• Your task: The answer should contain all of the records below, each one copied word for word.

*** Study material Section Begins ***

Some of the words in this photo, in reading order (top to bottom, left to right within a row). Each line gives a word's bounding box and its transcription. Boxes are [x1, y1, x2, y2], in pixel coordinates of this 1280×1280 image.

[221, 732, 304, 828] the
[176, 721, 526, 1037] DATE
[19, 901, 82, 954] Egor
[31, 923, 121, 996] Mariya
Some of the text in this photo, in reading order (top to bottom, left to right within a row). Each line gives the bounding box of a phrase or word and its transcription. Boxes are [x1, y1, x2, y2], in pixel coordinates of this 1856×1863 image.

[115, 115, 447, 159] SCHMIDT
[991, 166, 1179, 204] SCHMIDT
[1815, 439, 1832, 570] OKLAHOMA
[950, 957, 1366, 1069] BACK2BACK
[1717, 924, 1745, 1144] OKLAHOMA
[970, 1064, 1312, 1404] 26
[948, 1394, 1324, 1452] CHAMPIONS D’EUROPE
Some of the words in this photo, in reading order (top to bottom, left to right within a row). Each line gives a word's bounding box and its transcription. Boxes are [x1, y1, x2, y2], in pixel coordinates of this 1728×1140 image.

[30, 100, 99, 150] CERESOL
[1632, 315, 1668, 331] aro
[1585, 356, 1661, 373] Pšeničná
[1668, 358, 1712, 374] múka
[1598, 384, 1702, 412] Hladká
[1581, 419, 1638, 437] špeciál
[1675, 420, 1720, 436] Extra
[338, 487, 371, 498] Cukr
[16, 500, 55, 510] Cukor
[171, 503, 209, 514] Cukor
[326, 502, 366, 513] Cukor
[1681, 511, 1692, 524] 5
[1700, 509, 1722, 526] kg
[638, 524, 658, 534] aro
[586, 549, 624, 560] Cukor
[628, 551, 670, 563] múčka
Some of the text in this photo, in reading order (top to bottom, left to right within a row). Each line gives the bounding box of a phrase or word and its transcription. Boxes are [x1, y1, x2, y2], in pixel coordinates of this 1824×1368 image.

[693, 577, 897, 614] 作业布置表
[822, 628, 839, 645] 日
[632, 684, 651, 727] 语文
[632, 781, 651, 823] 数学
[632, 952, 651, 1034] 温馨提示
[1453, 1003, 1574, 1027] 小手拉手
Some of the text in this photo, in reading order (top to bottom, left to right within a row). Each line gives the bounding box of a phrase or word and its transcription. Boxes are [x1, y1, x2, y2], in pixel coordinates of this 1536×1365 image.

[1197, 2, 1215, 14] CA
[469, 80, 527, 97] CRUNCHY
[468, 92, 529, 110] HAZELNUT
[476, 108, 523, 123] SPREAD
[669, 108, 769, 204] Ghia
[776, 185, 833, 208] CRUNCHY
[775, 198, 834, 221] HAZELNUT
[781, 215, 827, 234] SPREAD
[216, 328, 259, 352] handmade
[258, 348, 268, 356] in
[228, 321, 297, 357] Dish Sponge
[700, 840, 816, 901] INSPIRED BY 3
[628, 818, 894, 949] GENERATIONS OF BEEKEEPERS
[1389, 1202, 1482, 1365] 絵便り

*** Study material Section Ends ***

• Task solution:
Some of the words in this photo, in reading order (top to bottom, left to right within a row). Each line gives a word's bounding box and its transcription. Boxes are [x1, y1, x2, y2], in pixel coordinates of this 1280×1280 image.

[221, 732, 304, 828] the
[176, 721, 526, 1037] DATE
[19, 901, 82, 954] Egor
[31, 923, 121, 996] Mariya
Some of the text in this photo, in reading order (top to bottom, left to right within a row). Each line gives the bounding box of a phrase or word and its transcription. Boxes are [x1, y1, x2, y2], in pixel coordinates of this 1856×1863 image.

[115, 115, 447, 159] SCHMIDT
[991, 166, 1179, 204] SCHMIDT
[1815, 439, 1832, 570] OKLAHOMA
[950, 957, 1366, 1069] BACK2BACK
[1717, 924, 1745, 1144] OKLAHOMA
[970, 1064, 1312, 1404] 26
[948, 1394, 1324, 1452] CHAMPIONS D’EUROPE
Some of the words in this photo, in reading order (top to bottom, left to right within a row). Each line gives a word's bounding box and its transcription. Boxes are [x1, y1, x2, y2], in pixel coordinates of this 1728×1140 image.

[30, 100, 99, 150] CERESOL
[1632, 315, 1668, 331] aro
[1585, 356, 1661, 373] Pšeničná
[1668, 358, 1712, 374] múka
[1598, 384, 1702, 412] Hladká
[1581, 419, 1638, 437] špeciál
[1675, 420, 1720, 436] Extra
[338, 487, 371, 498] Cukr
[16, 500, 55, 510] Cukor
[171, 503, 209, 514] Cukor
[326, 502, 366, 513] Cukor
[1681, 511, 1692, 524] 5
[1700, 509, 1722, 526] kg
[638, 524, 658, 534] aro
[586, 549, 624, 560] Cukor
[628, 551, 670, 563] múčka
Some of the text in this photo, in reading order (top to bottom, left to right within a row). Each line gives the bounding box of a phrase or word and its transcription. Boxes are [x1, y1, x2, y2], in pixel coordinates of this 1824×1368 image.

[693, 577, 897, 614] 作业布置表
[822, 628, 839, 645] 日
[632, 684, 651, 727] 语文
[632, 781, 651, 823] 数学
[632, 952, 651, 1034] 温馨提示
[1453, 1003, 1574, 1027] 小手拉手
Some of the text in this photo, in reading order (top to bottom, left to right within a row). Each line gives the bounding box of a phrase or word and its transcription. Boxes are [x1, y1, x2, y2], in pixel coordinates of this 1536×1365 image.

[1197, 2, 1215, 14] CA
[469, 80, 527, 97] CRUNCHY
[468, 92, 529, 110] HAZELNUT
[476, 108, 523, 123] SPREAD
[669, 108, 769, 204] Ghia
[776, 185, 833, 208] CRUNCHY
[775, 198, 834, 221] HAZELNUT
[781, 215, 827, 234] SPREAD
[216, 328, 259, 352] handmade
[258, 348, 268, 356] in
[228, 321, 297, 357] Dish Sponge
[700, 840, 816, 901] INSPIRED BY 3
[628, 818, 894, 949] GENERATIONS OF BEEKEEPERS
[1389, 1202, 1482, 1365] 絵便り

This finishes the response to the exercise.